(Records to use):
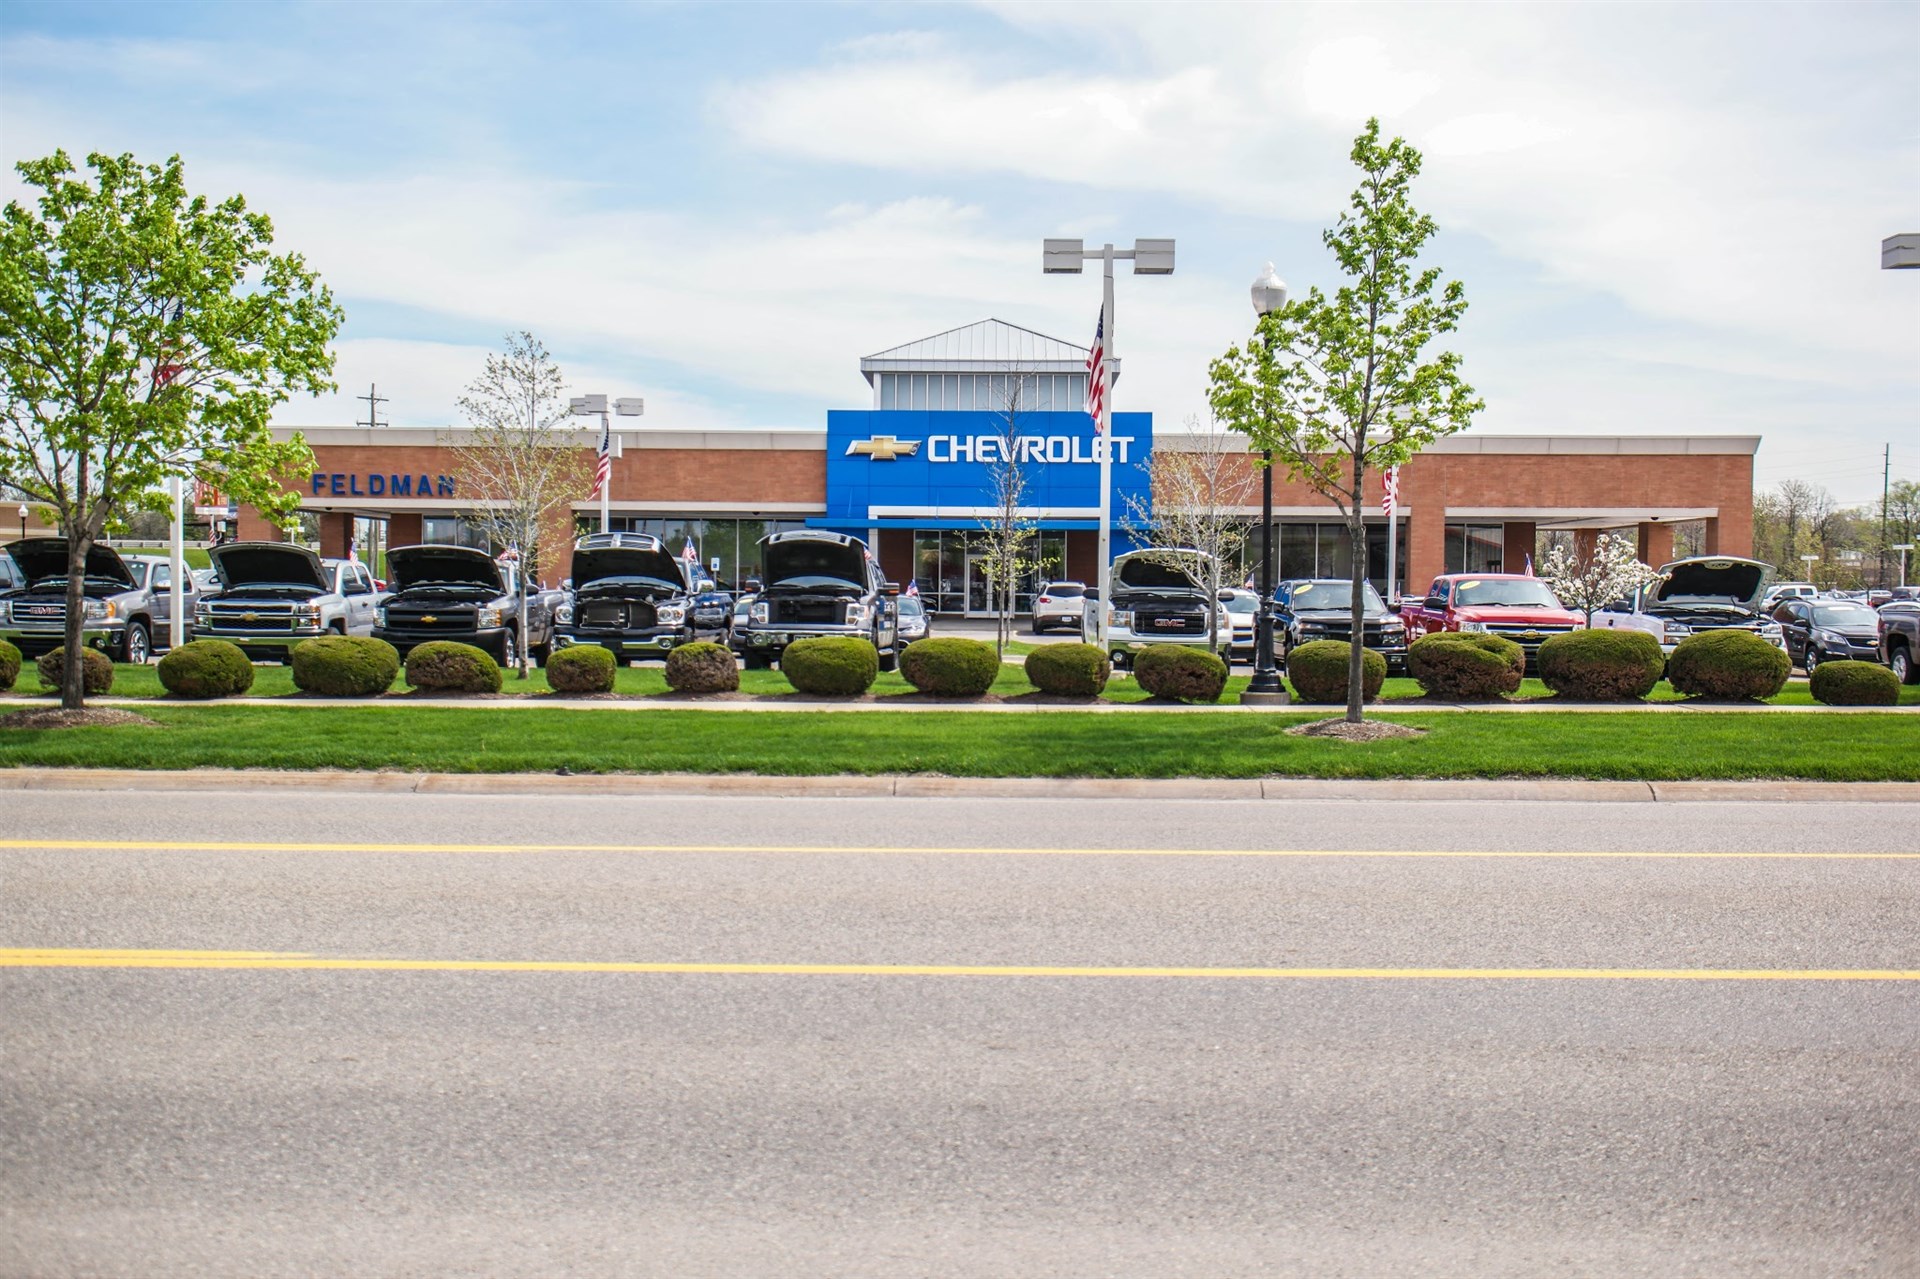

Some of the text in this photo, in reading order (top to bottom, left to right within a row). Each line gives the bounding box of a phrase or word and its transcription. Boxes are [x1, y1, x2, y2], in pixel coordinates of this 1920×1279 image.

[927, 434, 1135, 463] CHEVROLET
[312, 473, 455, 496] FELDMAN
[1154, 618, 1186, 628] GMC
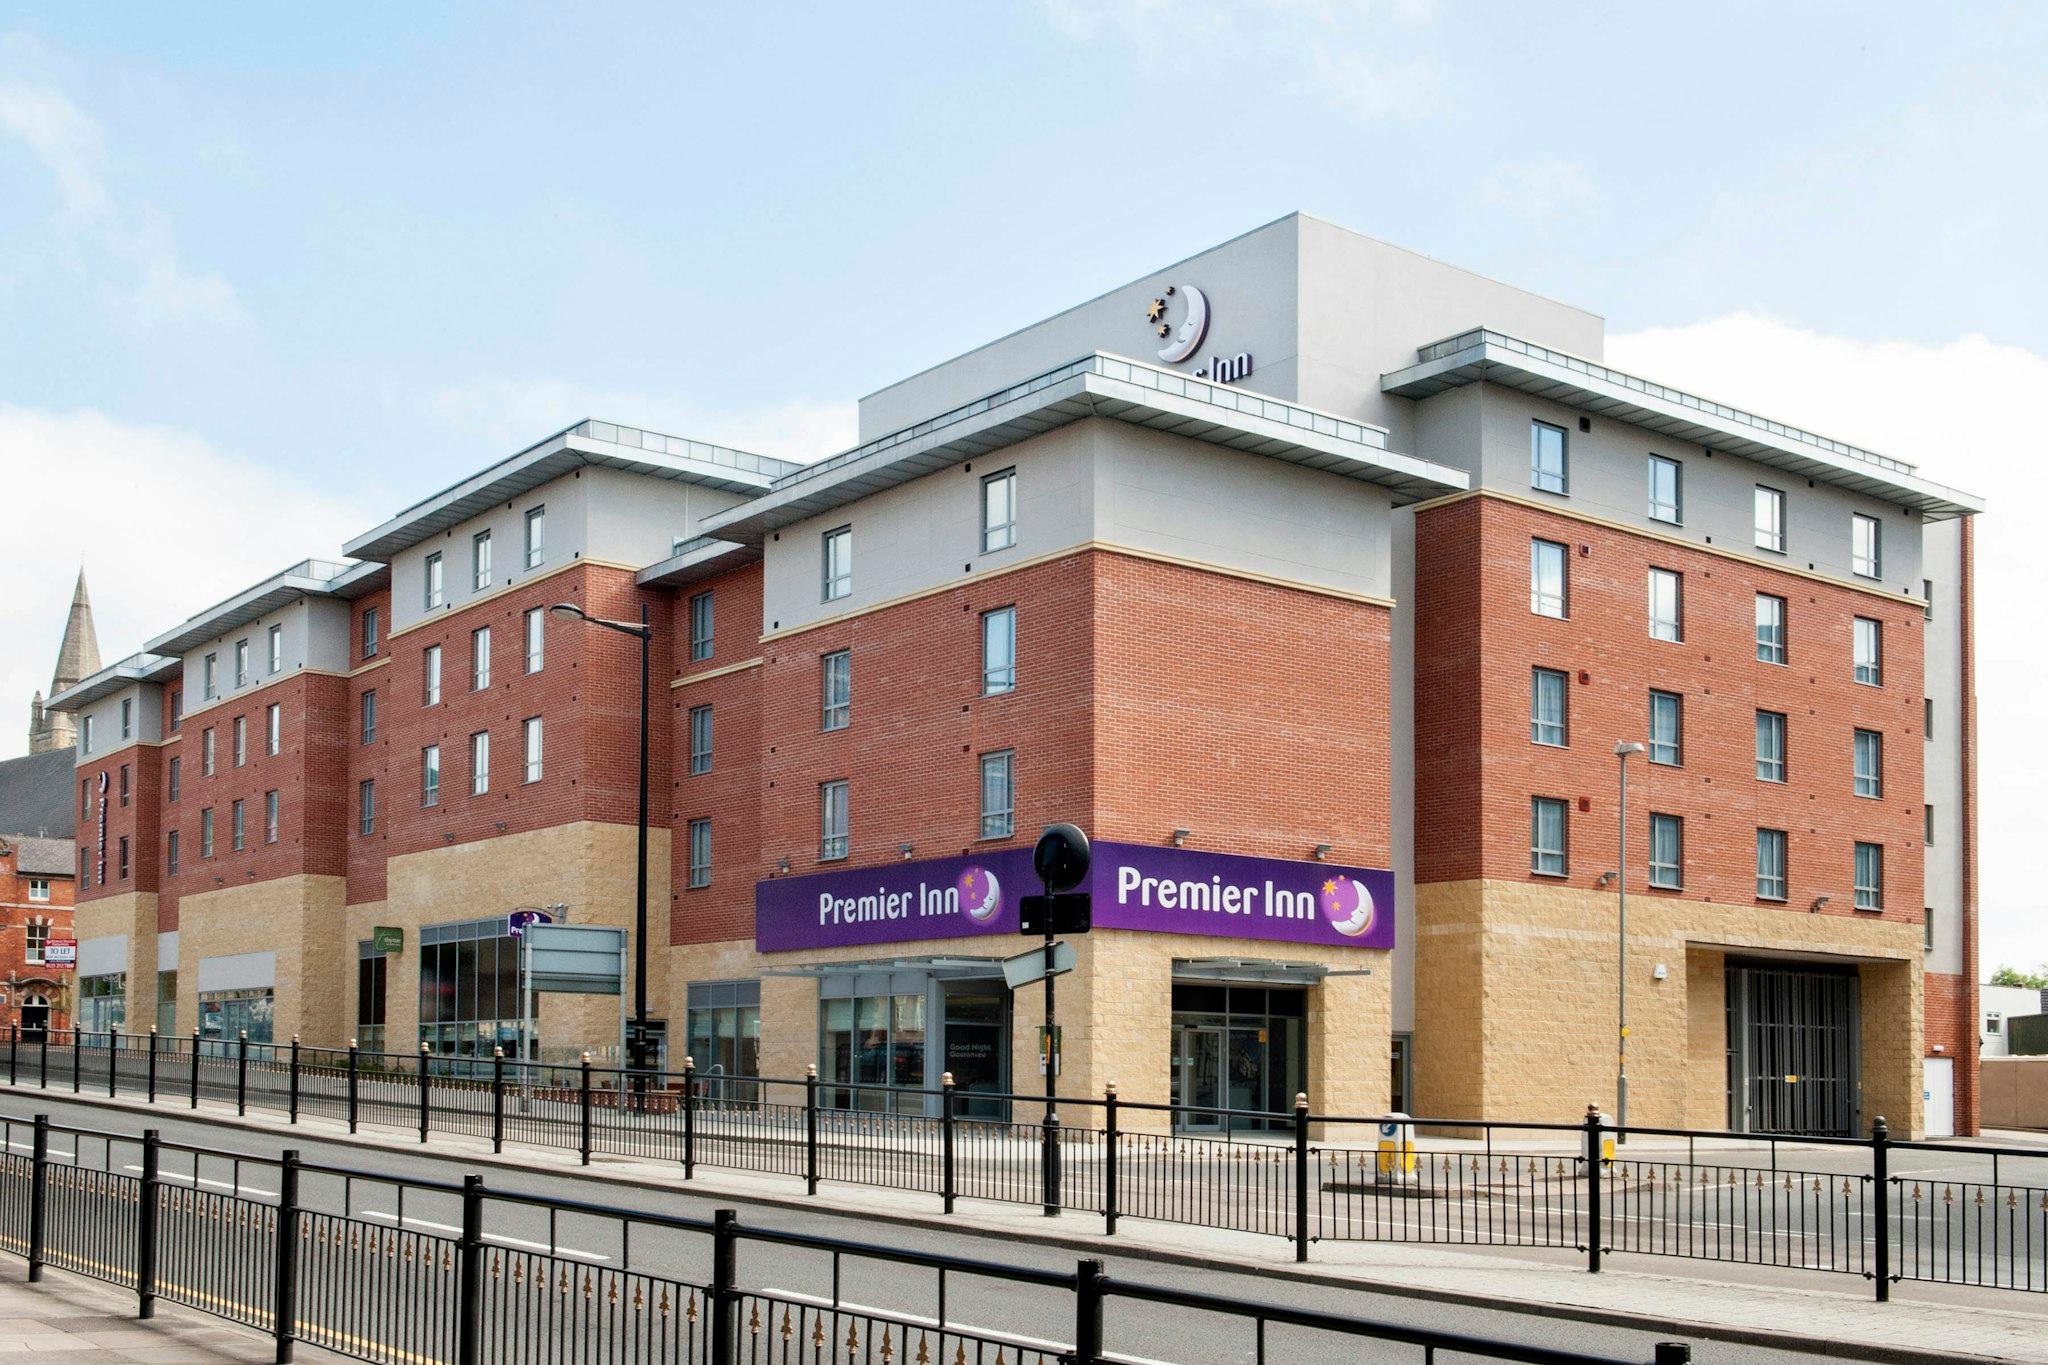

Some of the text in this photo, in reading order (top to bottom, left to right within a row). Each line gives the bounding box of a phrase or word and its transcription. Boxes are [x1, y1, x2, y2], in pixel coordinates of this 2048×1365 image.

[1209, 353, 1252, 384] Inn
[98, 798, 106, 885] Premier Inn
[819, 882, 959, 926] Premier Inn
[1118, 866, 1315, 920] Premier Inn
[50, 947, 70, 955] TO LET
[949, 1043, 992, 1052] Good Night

(Work instructions): Every line of the material must be returned exactly; leave the images out.

(Answer for the task):
Some of the text in this photo, in reading order (top to bottom, left to right within a row). Each line gives the bounding box of a phrase or word and its transcription. Boxes are [x1, y1, x2, y2], in pixel coordinates of this 1920×1279 image.

[927, 434, 1135, 463] CHEVROLET
[312, 473, 455, 496] FELDMAN
[1154, 618, 1186, 628] GMC

Some of the text in this photo, in reading order (top to bottom, left to right within a row). Each line gives the bounding box of a phrase or word and its transcription. Boxes are [x1, y1, x2, y2], in pixel coordinates of this 2048×1365 image.

[1209, 353, 1252, 384] Inn
[98, 798, 106, 885] Premier Inn
[819, 882, 959, 926] Premier Inn
[1118, 866, 1315, 920] Premier Inn
[50, 947, 70, 955] TO LET
[949, 1043, 992, 1052] Good Night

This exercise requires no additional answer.